§ ASSIGNMENT:
In the records below, print each line exactly and leave every image out.
START EXERCISE INPUT
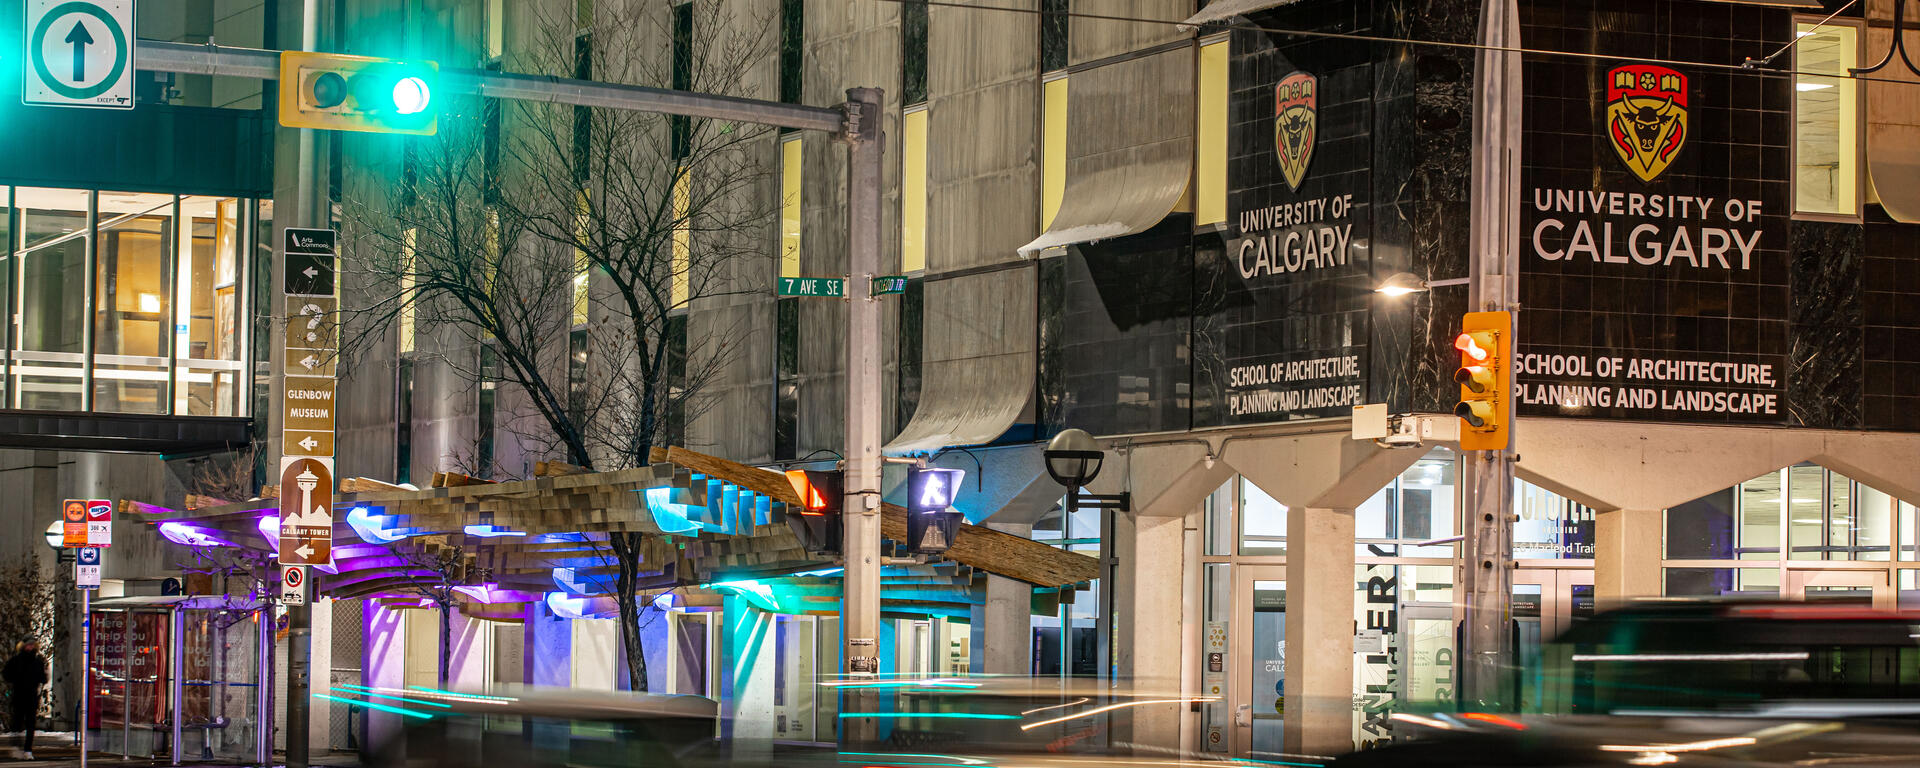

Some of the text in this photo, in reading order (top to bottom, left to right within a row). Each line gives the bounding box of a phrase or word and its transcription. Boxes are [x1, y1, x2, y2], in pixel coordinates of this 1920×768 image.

[1240, 194, 1352, 233] UNIVERSITY OF
[1535, 188, 1763, 222] UNIVERSITY OF
[1239, 224, 1352, 279] CALGARY
[1533, 218, 1763, 270] CALGARY
[785, 279, 839, 295] 7 AVE SE
[896, 278, 904, 291] TR
[1230, 355, 1360, 387] SCHOOL OF ARCHITECTURE,
[1515, 353, 1777, 388] SCHOOL OF ARCHITECTURE,
[287, 390, 332, 400] GLENBOW
[1230, 385, 1360, 416] PLANNING AND LANDSCAPE
[1515, 384, 1777, 415] PLANNING AND LANDSCAPE
[290, 407, 329, 418] MUSEUM
[310, 528, 329, 536] TOWER
[96, 618, 122, 628] Here
[96, 631, 121, 643] help
[96, 655, 146, 666] finanial
[1435, 647, 1453, 704] RLD
[1362, 695, 1380, 736] AN
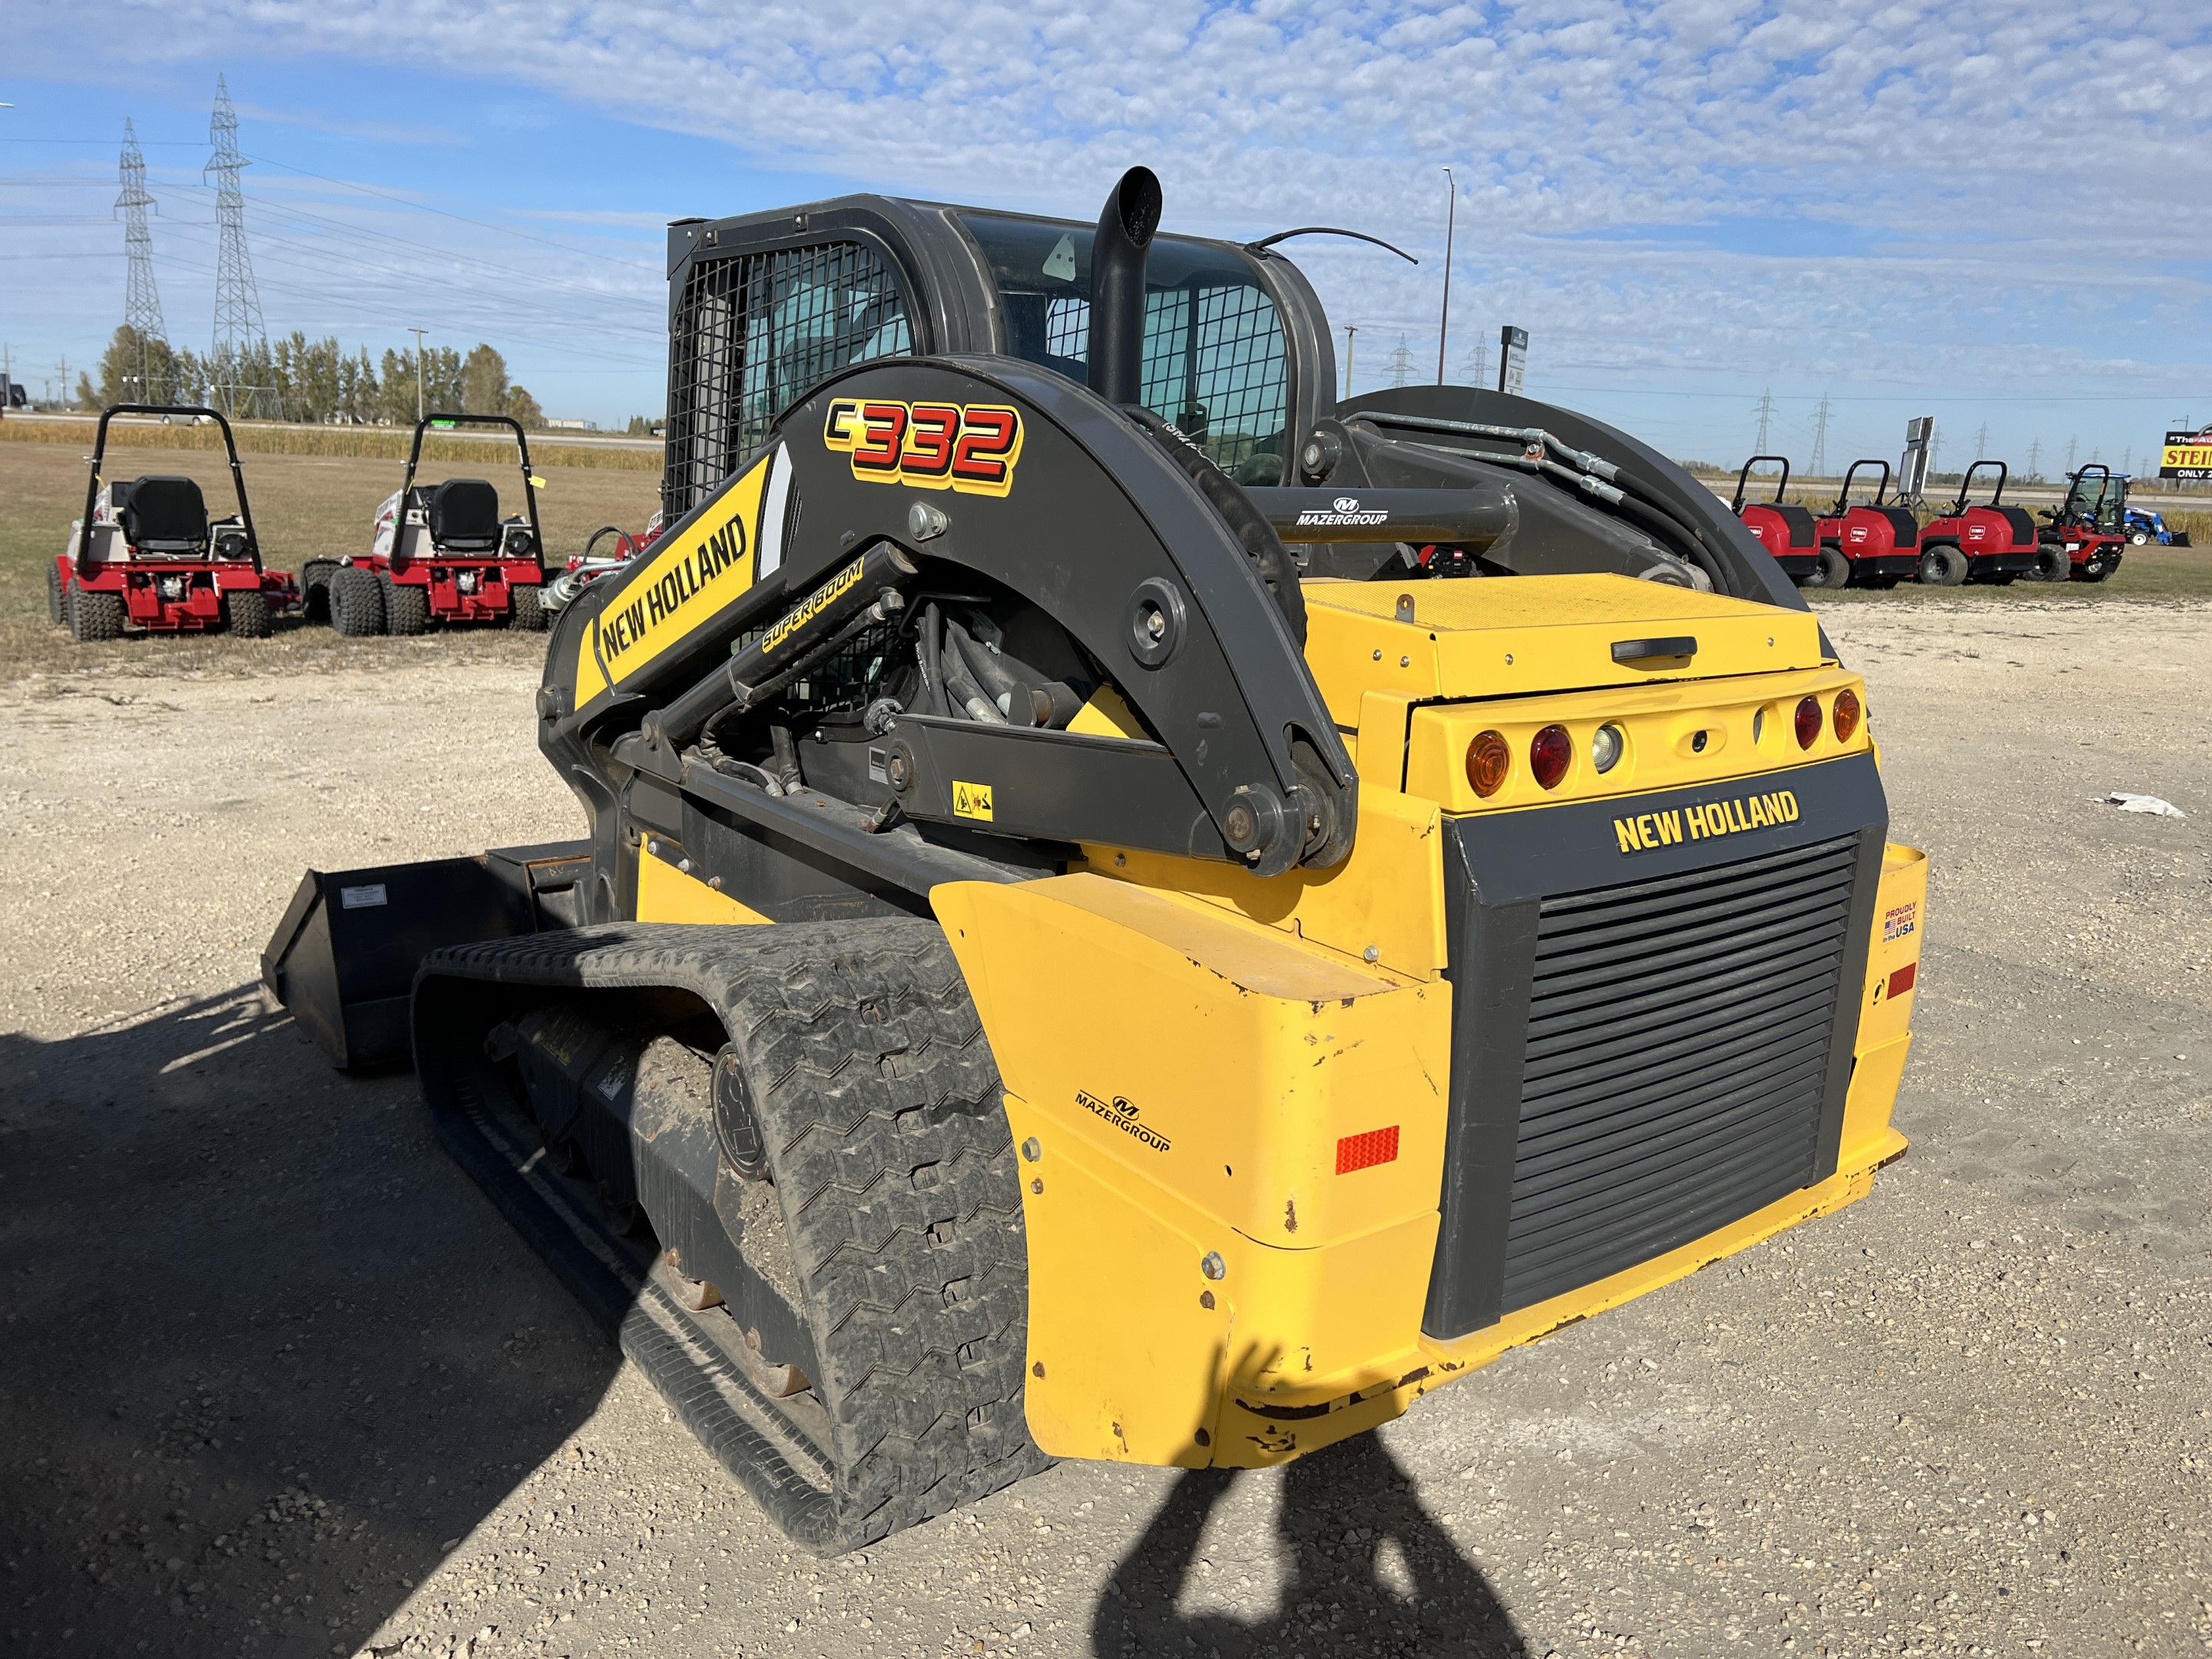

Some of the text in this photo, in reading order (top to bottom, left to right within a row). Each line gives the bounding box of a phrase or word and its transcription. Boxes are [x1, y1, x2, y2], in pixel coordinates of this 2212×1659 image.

[826, 400, 1020, 487] C332
[2177, 469, 2205, 478] ONLY
[1296, 514, 1388, 525] MAZERGROUP
[601, 512, 747, 664] NEW HOLLAND
[763, 557, 864, 651] SUPER BOOM
[1614, 790, 1799, 853] NEW HOLLAND
[1886, 901, 1916, 919] PROUDLY
[1897, 911, 1916, 926] BUILT
[1896, 922, 1914, 938] USA
[1075, 1093, 1171, 1152] MAZERGROUP
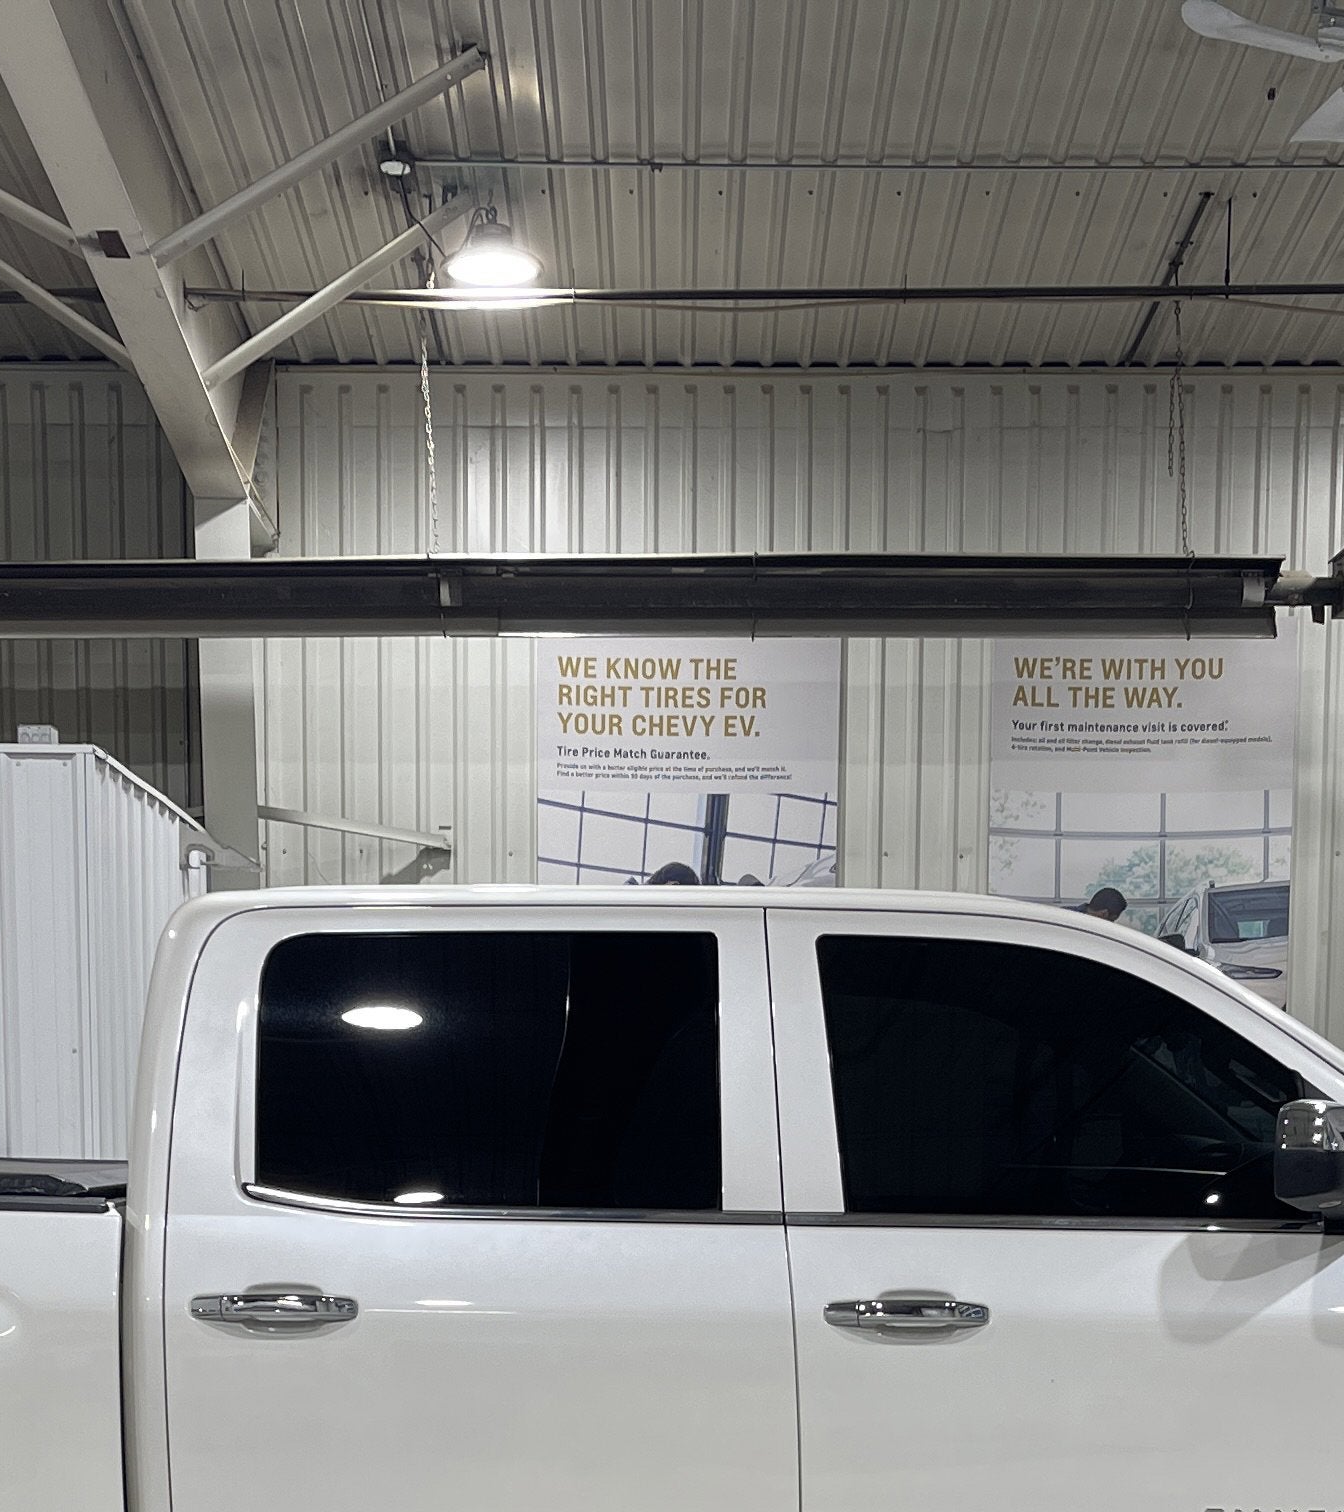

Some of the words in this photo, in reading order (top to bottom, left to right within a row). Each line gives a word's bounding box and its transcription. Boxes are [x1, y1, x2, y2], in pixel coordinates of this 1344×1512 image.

[557, 656, 597, 678] WE
[606, 657, 682, 680] KNOW
[689, 658, 738, 680] THE
[1014, 656, 1093, 680] WE'RE
[1101, 658, 1166, 680] WITH
[1174, 657, 1224, 680] YOU
[558, 684, 632, 707] RIGHT
[640, 686, 711, 708] TIRES
[719, 687, 767, 709] FOR
[1012, 685, 1060, 708] ALL
[1067, 686, 1115, 708] THE
[1123, 686, 1184, 709] WAY.
[557, 712, 623, 735] YOUR
[632, 714, 716, 737] CHEVY
[724, 715, 761, 737] EV.
[1012, 720, 1037, 731] Your
[1040, 720, 1065, 732] first
[1067, 721, 1139, 733] maintenance
[1142, 721, 1165, 732] visit
[1168, 721, 1177, 732] is
[557, 746, 578, 757] Tire
[582, 747, 610, 758] Price
[614, 748, 647, 759] Match
END EXERCISE INPUT
§ RESULT:
Some of the text in this photo, in reading order (top to bottom, left to right within a row). Each line gives the bounding box of a phrase or word and its transcription. Boxes are [x1, y1, x2, y2], in pixel coordinates of this 1920×768 image.

[1240, 194, 1352, 233] UNIVERSITY OF
[1535, 188, 1763, 222] UNIVERSITY OF
[1239, 224, 1352, 279] CALGARY
[1533, 218, 1763, 270] CALGARY
[785, 279, 839, 295] 7 AVE SE
[896, 278, 904, 291] TR
[1230, 355, 1360, 387] SCHOOL OF ARCHITECTURE,
[1515, 353, 1777, 388] SCHOOL OF ARCHITECTURE,
[287, 390, 332, 400] GLENBOW
[1230, 385, 1360, 416] PLANNING AND LANDSCAPE
[1515, 384, 1777, 415] PLANNING AND LANDSCAPE
[290, 407, 329, 418] MUSEUM
[310, 528, 329, 536] TOWER
[96, 618, 122, 628] Here
[96, 631, 121, 643] help
[96, 655, 146, 666] finanial
[1435, 647, 1453, 704] RLD
[1362, 695, 1380, 736] AN

Some of the text in this photo, in reading order (top to bottom, left to right within a row). Each line gives the bounding box of a phrase or word and its transcription. Boxes are [x1, y1, x2, y2], in pixel coordinates of this 2212×1659 image.

[826, 400, 1020, 487] C332
[2177, 469, 2205, 478] ONLY
[1296, 514, 1388, 525] MAZERGROUP
[601, 512, 747, 664] NEW HOLLAND
[763, 557, 864, 651] SUPER BOOM
[1614, 790, 1799, 853] NEW HOLLAND
[1886, 901, 1916, 919] PROUDLY
[1897, 911, 1916, 926] BUILT
[1896, 922, 1914, 938] USA
[1075, 1093, 1171, 1152] MAZERGROUP

Some of the words in this photo, in reading order (top to bottom, left to right within a row). Each line gives a word's bounding box and its transcription. Boxes are [x1, y1, x2, y2], in pixel coordinates of this 1344×1512 image.

[557, 656, 597, 678] WE
[606, 657, 682, 680] KNOW
[689, 658, 738, 680] THE
[1014, 656, 1093, 680] WE'RE
[1101, 658, 1166, 680] WITH
[1174, 657, 1224, 680] YOU
[558, 684, 632, 707] RIGHT
[640, 686, 711, 708] TIRES
[719, 687, 767, 709] FOR
[1012, 685, 1060, 708] ALL
[1067, 686, 1115, 708] THE
[1123, 686, 1184, 709] WAY.
[557, 712, 623, 735] YOUR
[632, 714, 716, 737] CHEVY
[724, 715, 761, 737] EV.
[1012, 720, 1037, 731] Your
[1040, 720, 1065, 732] first
[1067, 721, 1139, 733] maintenance
[1142, 721, 1165, 732] visit
[1168, 721, 1177, 732] is
[557, 746, 578, 757] Tire
[582, 747, 610, 758] Price
[614, 748, 647, 759] Match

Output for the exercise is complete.